Keilhoff G, Titze M, Esser T, Langnaese K, Ebmeyer U
Institute of Biochemistry and Cell Biology, Medical Faculty, University of Magdeburg, Leipziger Strasse 44, 39120 Magdeburg, Germany.
Department of Anesthesiology, Medical Faculty, University of Magdeburg, Leipziger Strasse 44, 39120 Magdeburg, Germany.
Neuroscience. 2015 Aug 20;301:439-53. doi: 10.1016/j.neuroscience.2015.06.023. Epub 2015 Jun 20.

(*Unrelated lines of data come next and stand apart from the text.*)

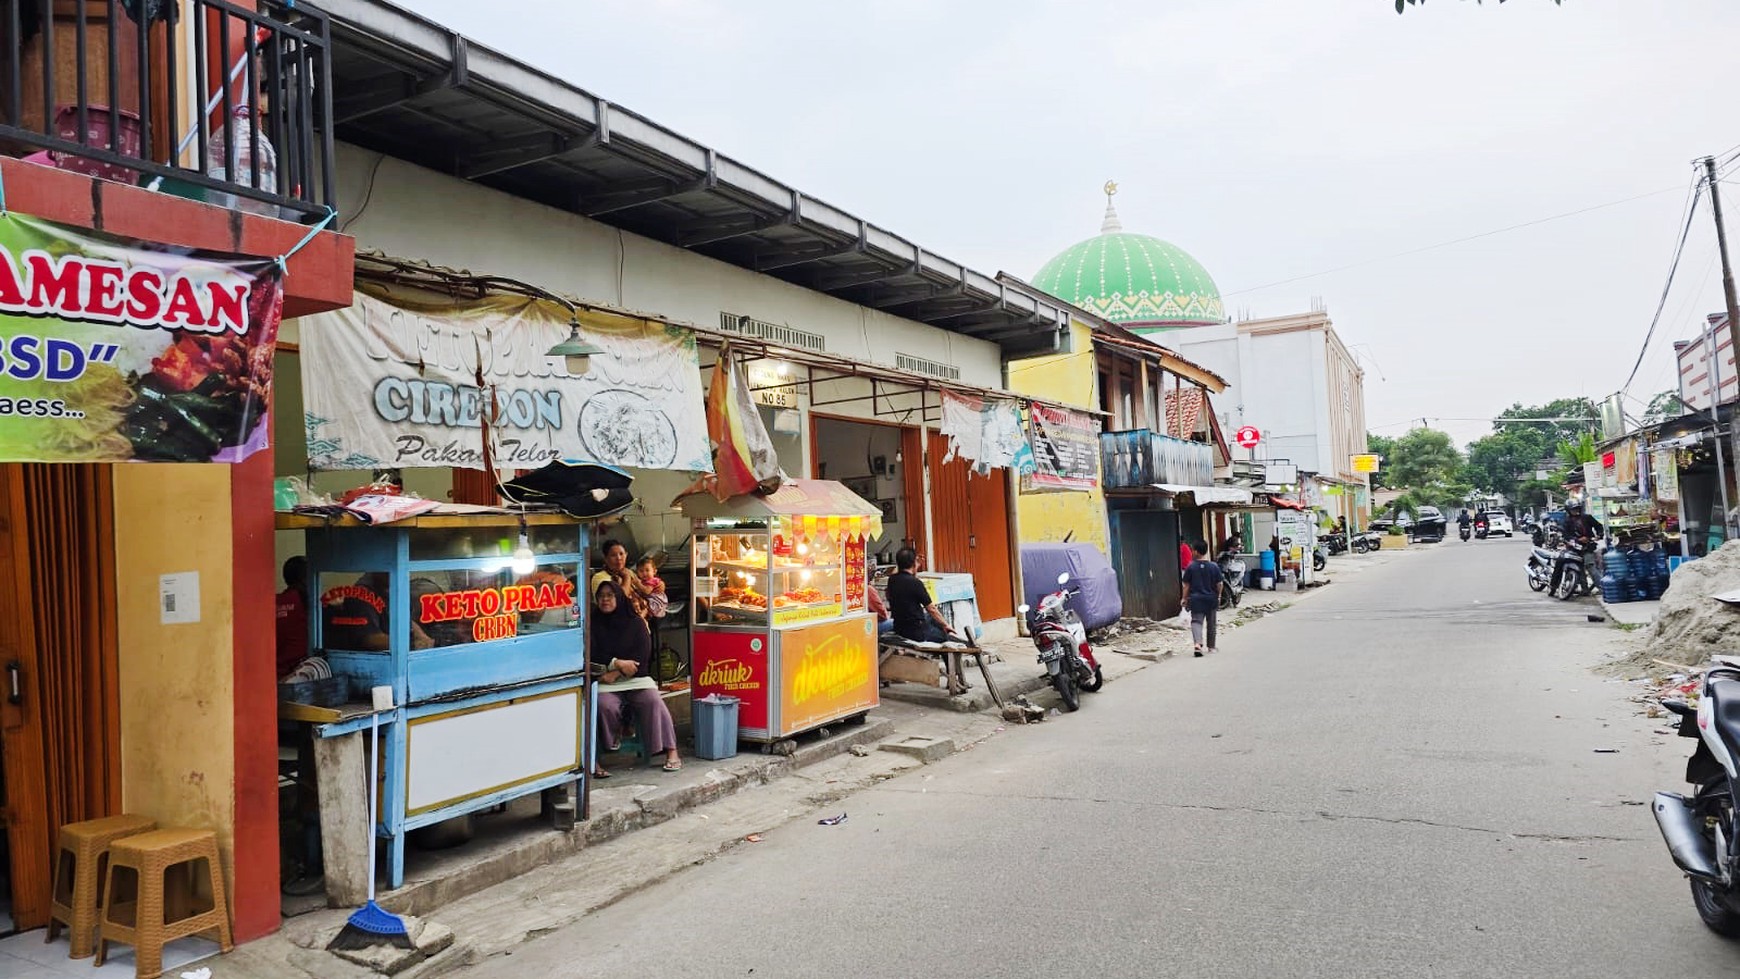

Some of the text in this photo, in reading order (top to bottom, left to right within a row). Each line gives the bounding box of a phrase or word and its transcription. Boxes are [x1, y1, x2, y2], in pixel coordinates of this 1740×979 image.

[761, 392, 774, 404] NO
[501, 439, 561, 462] Telor
[320, 585, 386, 614] KETOPRAK
[420, 581, 575, 623] KETO PRAK
[473, 612, 518, 642] CRBN
[699, 659, 753, 688] dkriuk

Y-box-binding protein (YB-1) is a member of the cold-shock protein family and participates in a wide variety of DNA/RNA-dependent cellular processes including DNA repair, transcription, mRNA splicing, packaging, and translation. At the cellular level, YB-1 is involved in cell proliferation and differentiation, stress responses, and malignant cell transformation. A general role for YB-1 during inflammation has also been well described; however, there are minimal data concerning YB-1 expression in microglia, which are the immune cells of the brain. Therefore, we studied the expression of YB-1 in a clinically relevant global ischemia model for neurological injury following cardiac arrest. This model is characterized by massive neurodegeneration of the hippocampal CA1 region and the subsequent long-lasting activation of microglia. In addition, we studied YB-1 expression in BV-2 cells, which are an accepted microglia culture model. BV-2 cells were stressed by oxygen/glucose deprivation (OGD), OGD-relevant mediators, lipopolysaccharide (LPS), and phagocytosis-inducing cell debris and nanoparticles. Using quantitative polymerase chain reaction (PCR), we show constitutive expression of YB-1 transcripts in unstressed BV-2 cells. The functional upregulation of the YB-1 protein was demonstrated in microglia in vivo and in BV-2 cells in vitro. All stressors except for LPS were potent enhancers of the level of YB-1 protein, which appears to be regulated primarily by proteasomal degradation and, to a lesser extent, by the activation (phosphorylation) of the translation initiation factor eIF4E. The proteasome of BV-2 cells is impaired by OGD, which results in decreased protein degradation and therefore increased levels of YB-1 protein. LPS induces proteasome activity, which enables the level of YB-1 protein to remain at control levels despite enhanced protein ubiquitination. The proteasome inhibitor MG-132 was able to increase YB-1 protein levels in control and LPS-treated cultures. YB-1 upregulation was not accompanied by its translocation from the cytoplasm to the nucleus. YB-1 induction appeared to be related to microglial proliferation because it was partially co-regulated with Ki67. In addition, YB-1 protein levels correlated with microglia phagocytic activity because its upregulation could also be induced by inert NPs.
Y盒结合蛋白(YB-1)是冷休克蛋白家族的成员,参与多种依赖DNA/RNA的细胞过程,包括DNA修复、转录、mRNA剪接、包装和翻译。在细胞水平上,YB-1参与细胞增殖和分化、应激反应以及恶性细胞转化。YB-1在炎症过程中的一般作用也有详细描述;然而,关于小胶质细胞(大脑的免疫细胞)中YB-1表达的数据极少。因此,我们研究了YB-1在心脏骤停后神经损伤的临床相关全脑缺血模型中的表达。该模型的特征是海马CA1区大量神经退行性变以及随后小胶质细胞的长期激活。此外,我们研究了BV-2细胞(一种公认的小胶质细胞培养模型)中YB-1的表达。BV-2细胞受到氧/葡萄糖剥夺(OGD)、与OGD相关的介质、脂多糖(LPS)以及诱导吞噬的细胞碎片和纳米颗粒的刺激。使用定量聚合酶链反应(PCR),我们显示在未受刺激的BV-2细胞中YB-1转录本的组成性表达。YB-1蛋白的功能性上调在体内小胶质细胞和体外BV-2细胞中得到证实。除LPS外,所有应激源都是YB-1蛋白水平的有效增强剂,其上调似乎主要受蛋白酶体降解调节,在较小程度上受翻译起始因子eIF4E的激活(磷酸化)调节。OGD会损害BV-2细胞的蛋白酶体,导致蛋白质降解减少,从而使YB-1蛋白水平升高。LPS诱导蛋白酶体活性,尽管蛋白质泛素化增强,但能使YB-1蛋白水平保持在对照水平。蛋白酶体抑制剂MG-132能够增加对照和LPS处理培养物中的YB-1蛋白水平。YB-1的上调并未伴随其从细胞质向细胞核的转位。YB-1的诱导似乎与小胶质细胞增殖有关,因为它与Ki67部分共同调节。此外,YB-1蛋白水平与小胶质细胞吞噬活性相关,因为其上调也可由惰性纳米颗粒诱导。